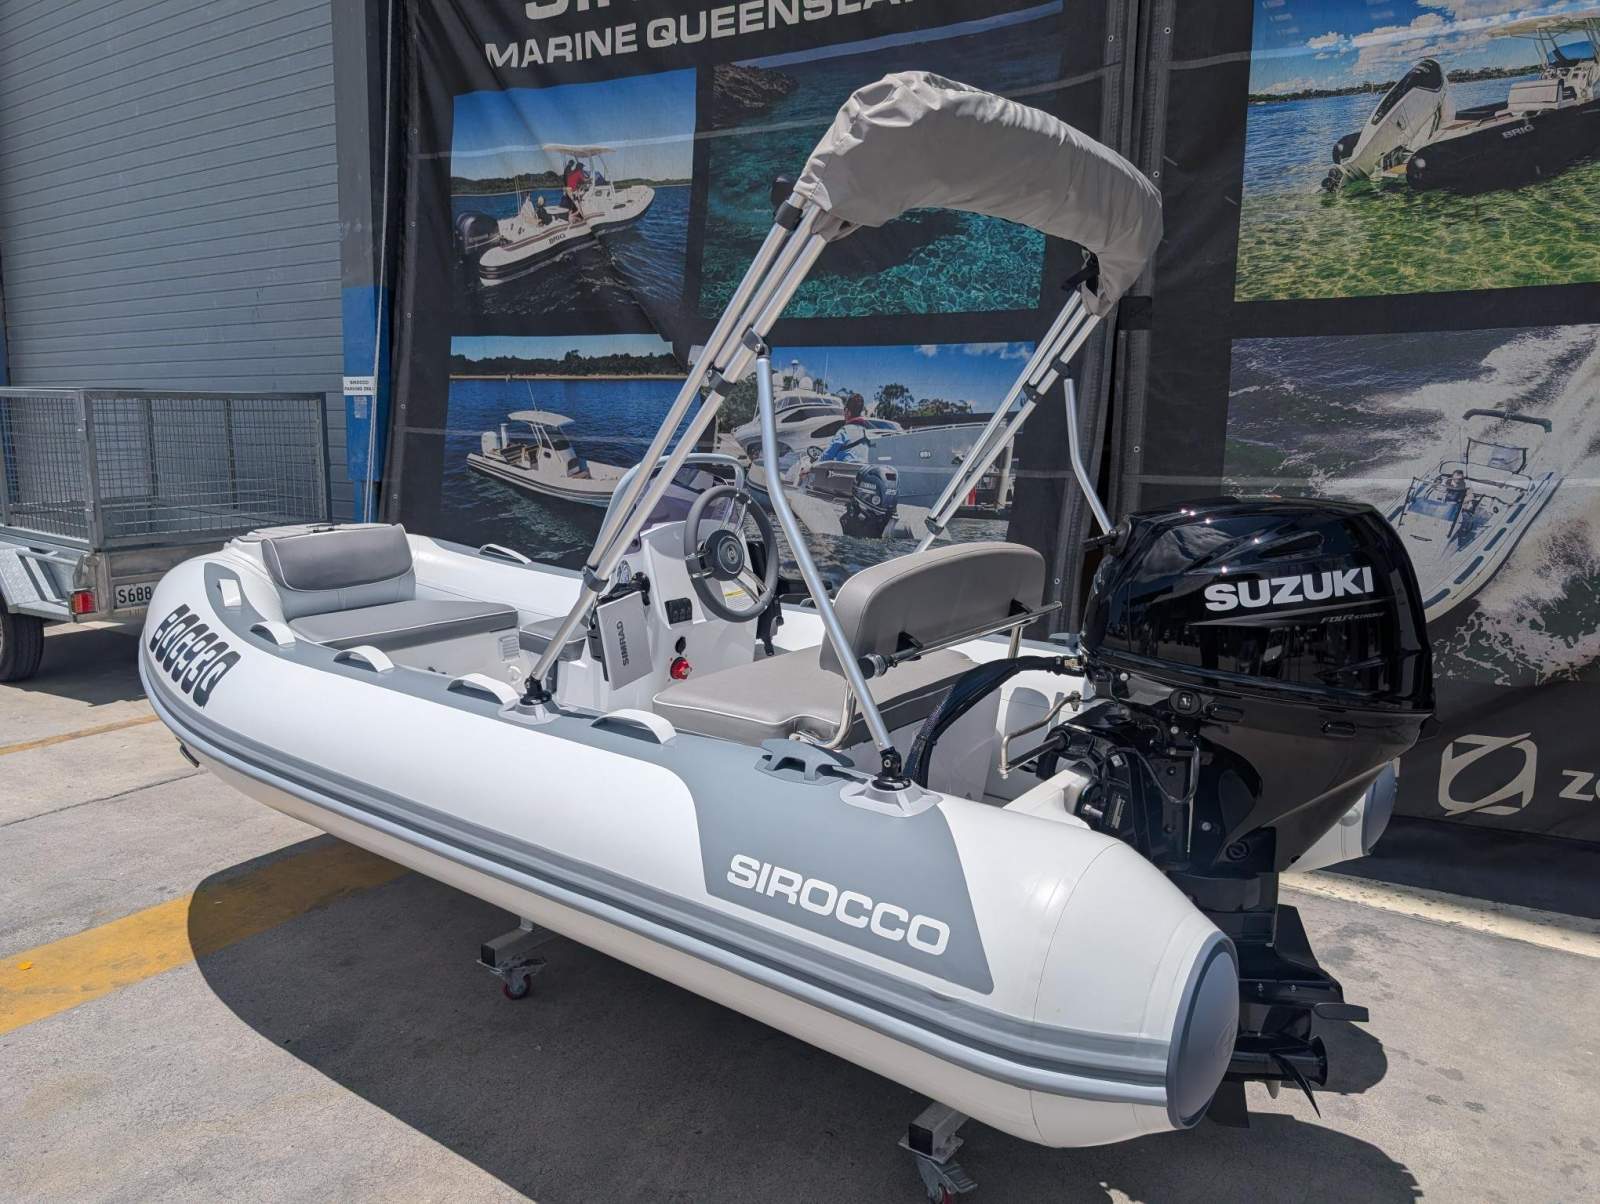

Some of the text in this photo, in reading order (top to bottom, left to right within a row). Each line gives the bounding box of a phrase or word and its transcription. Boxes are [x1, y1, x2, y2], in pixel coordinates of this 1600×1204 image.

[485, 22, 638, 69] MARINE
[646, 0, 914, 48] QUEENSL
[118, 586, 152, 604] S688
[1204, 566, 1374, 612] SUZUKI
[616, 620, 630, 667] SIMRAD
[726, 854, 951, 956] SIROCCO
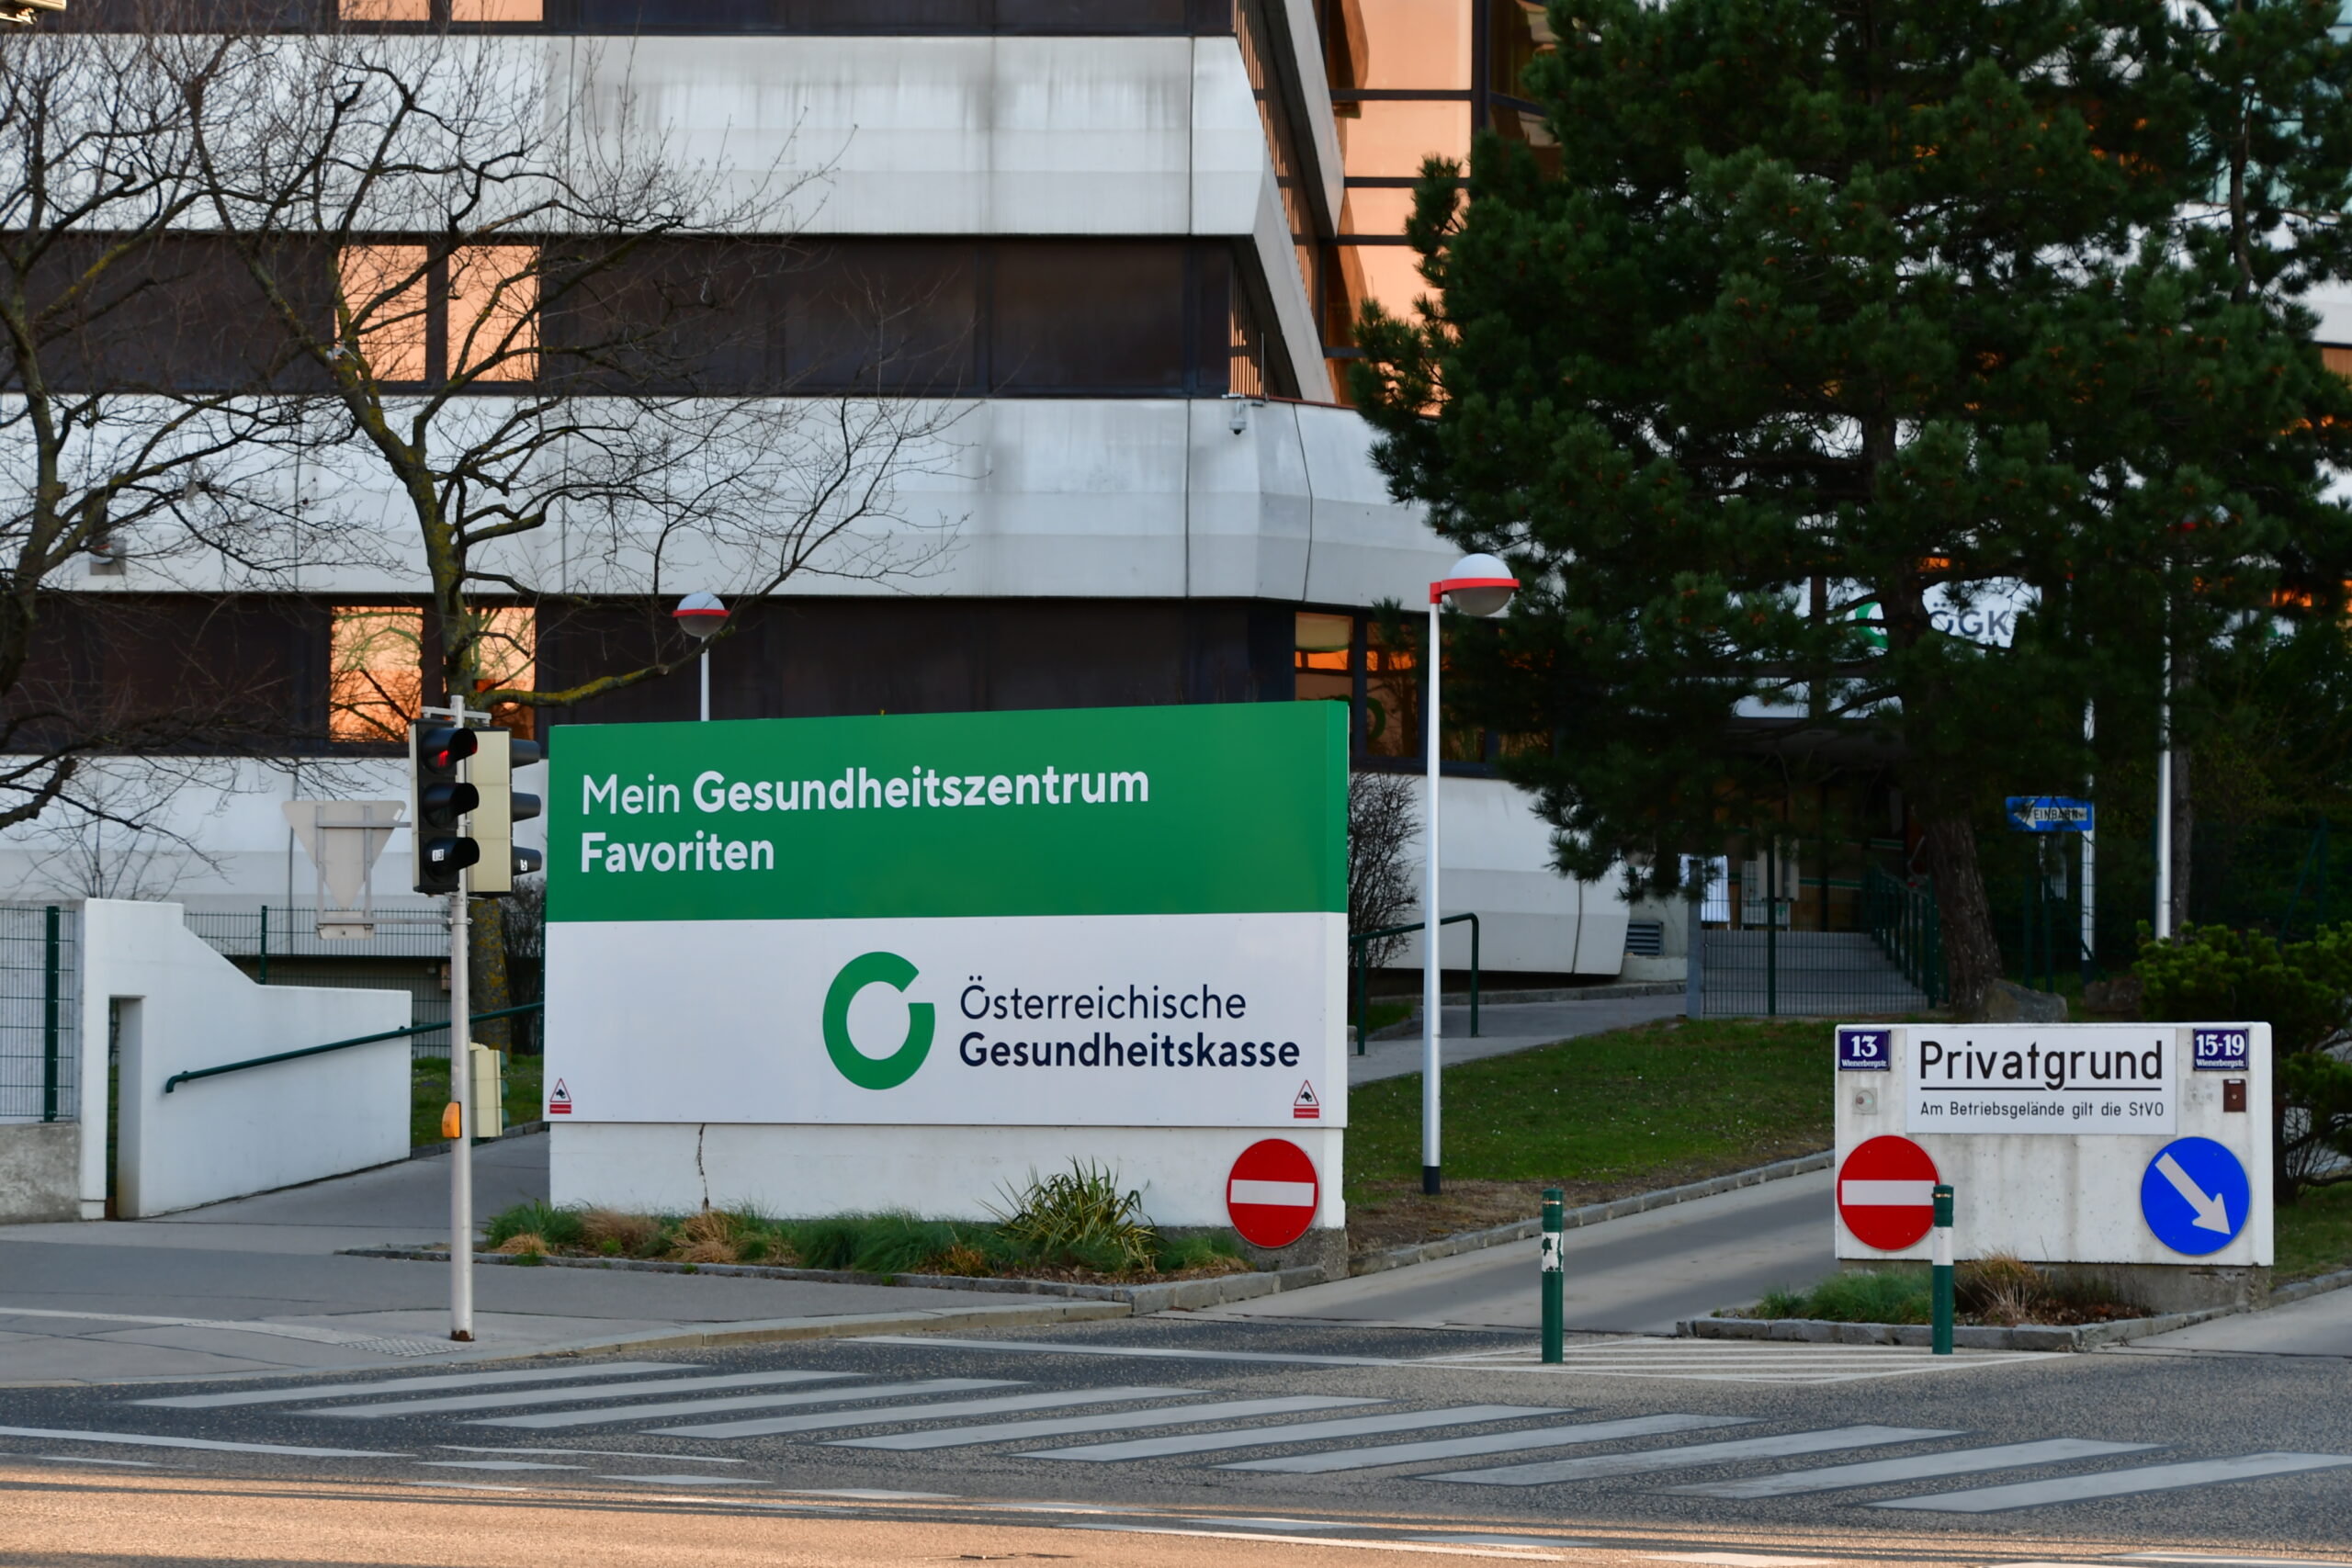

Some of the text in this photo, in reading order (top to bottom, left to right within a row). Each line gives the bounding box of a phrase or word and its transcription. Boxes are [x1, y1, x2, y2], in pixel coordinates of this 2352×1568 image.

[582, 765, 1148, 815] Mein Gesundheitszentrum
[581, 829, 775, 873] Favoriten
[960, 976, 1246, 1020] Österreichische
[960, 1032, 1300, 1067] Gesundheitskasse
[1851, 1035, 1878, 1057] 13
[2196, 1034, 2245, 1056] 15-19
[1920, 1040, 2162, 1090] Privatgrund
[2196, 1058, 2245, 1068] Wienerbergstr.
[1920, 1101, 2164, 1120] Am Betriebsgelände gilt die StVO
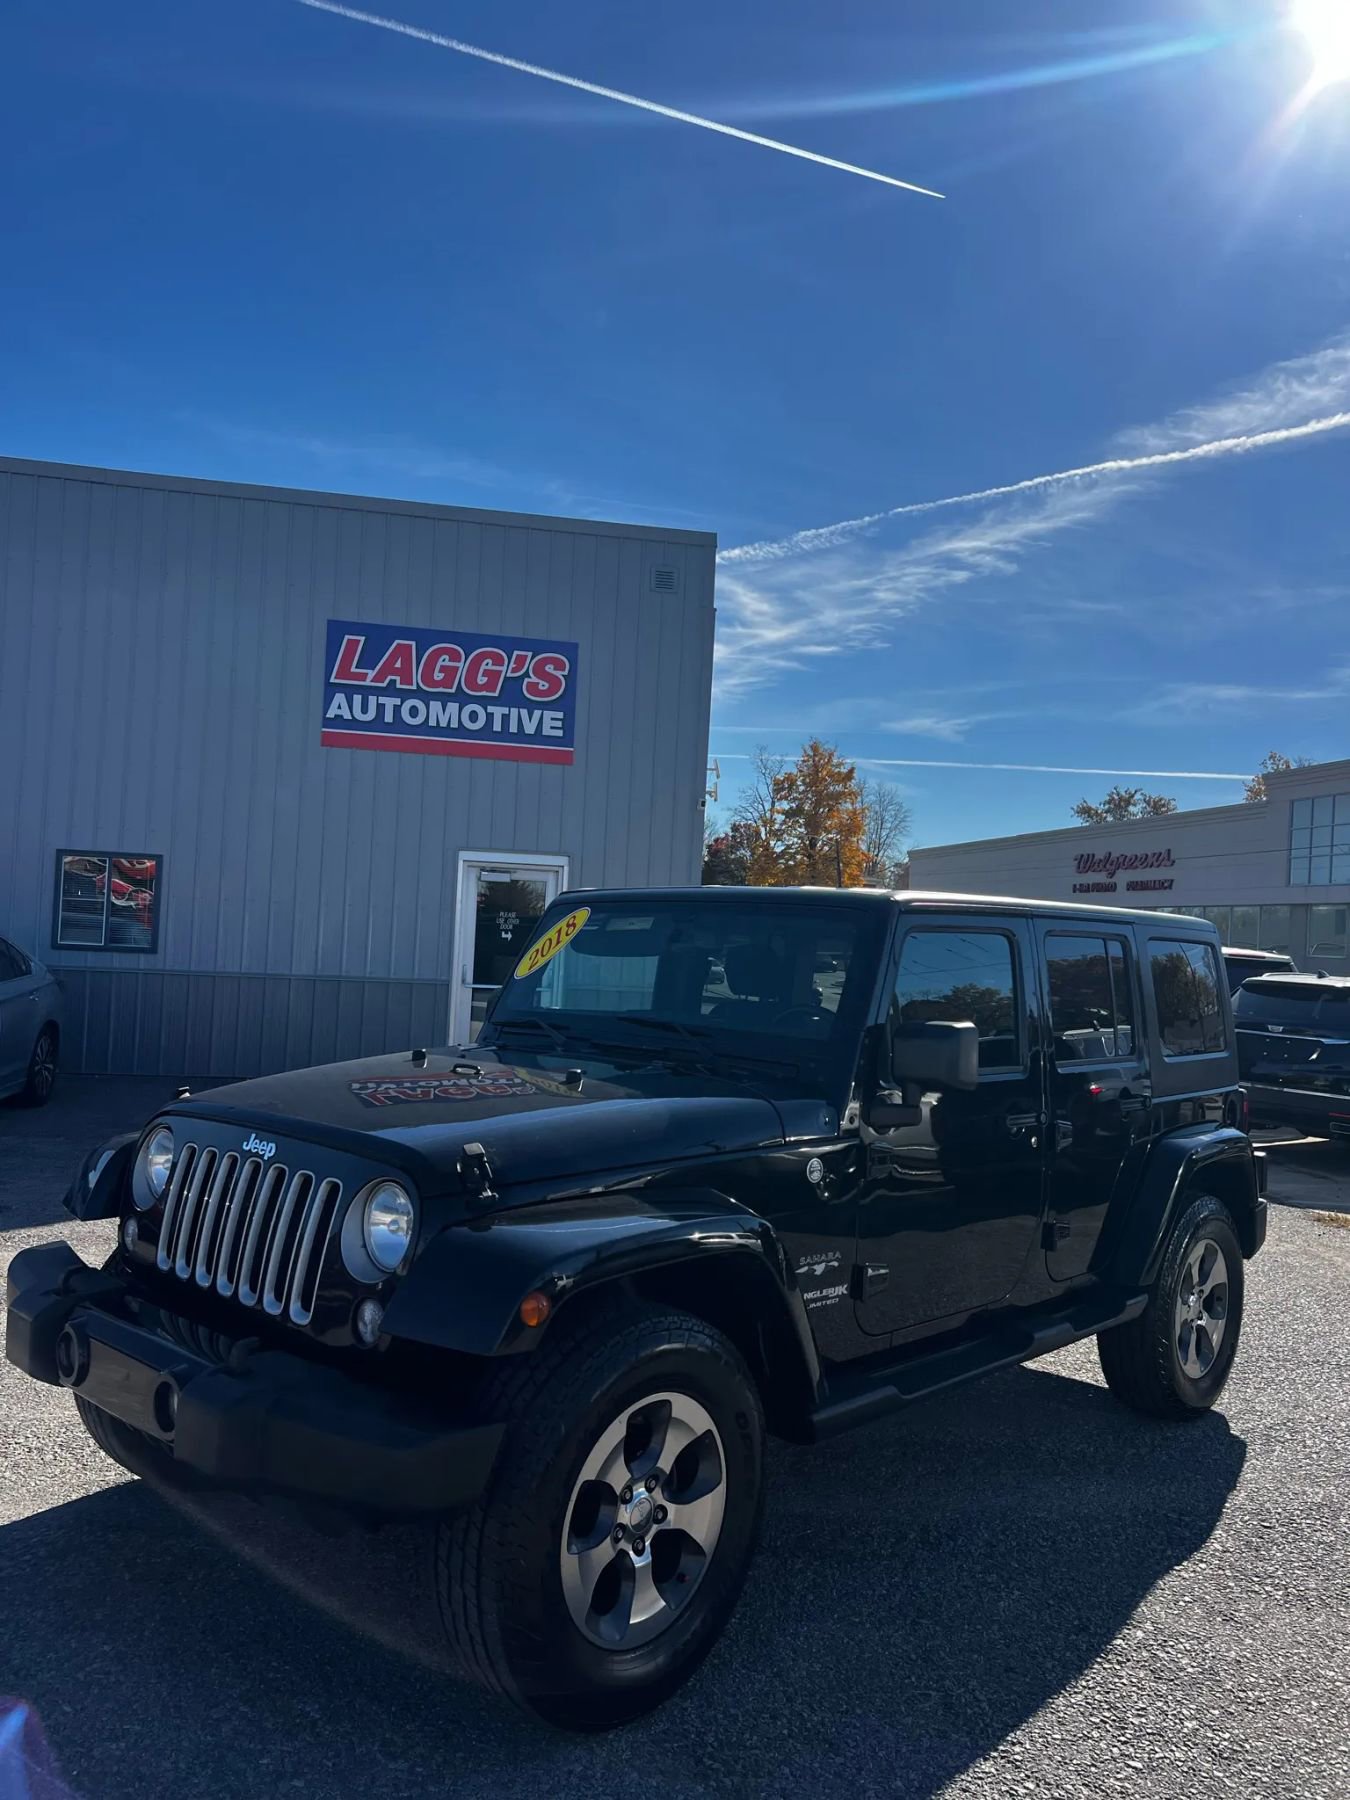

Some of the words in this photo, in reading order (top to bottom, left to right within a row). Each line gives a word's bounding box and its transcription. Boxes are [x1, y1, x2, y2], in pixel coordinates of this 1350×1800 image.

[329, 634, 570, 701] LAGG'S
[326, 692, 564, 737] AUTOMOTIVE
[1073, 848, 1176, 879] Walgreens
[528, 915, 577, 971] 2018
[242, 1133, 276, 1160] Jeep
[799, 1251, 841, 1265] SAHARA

---

▸ **Exercise brief**: With all pictures excluded, output exactly the lines from the one containing "this 2352×1568 image." through the final line of the entries, inclusive.

▸ **Response box**:
Some of the text in this photo, in reading order (top to bottom, left to right within a row). Each line gives the bounding box of a phrase or word and its transcription. Boxes are [x1, y1, x2, y2], in pixel coordinates of this 2352×1568 image.

[582, 765, 1148, 815] Mein Gesundheitszentrum
[581, 829, 775, 873] Favoriten
[960, 976, 1246, 1020] Österreichische
[960, 1032, 1300, 1067] Gesundheitskasse
[1851, 1035, 1878, 1057] 13
[2196, 1034, 2245, 1056] 15-19
[1920, 1040, 2162, 1090] Privatgrund
[2196, 1058, 2245, 1068] Wienerbergstr.
[1920, 1101, 2164, 1120] Am Betriebsgelände gilt die StVO

Some of the words in this photo, in reading order (top to bottom, left to right within a row). Each line gives a word's bounding box and its transcription. Boxes are [x1, y1, x2, y2], in pixel coordinates of this 1350×1800 image.

[329, 634, 570, 701] LAGG'S
[326, 692, 564, 737] AUTOMOTIVE
[1073, 848, 1176, 879] Walgreens
[528, 915, 577, 971] 2018
[242, 1133, 276, 1160] Jeep
[799, 1251, 841, 1265] SAHARA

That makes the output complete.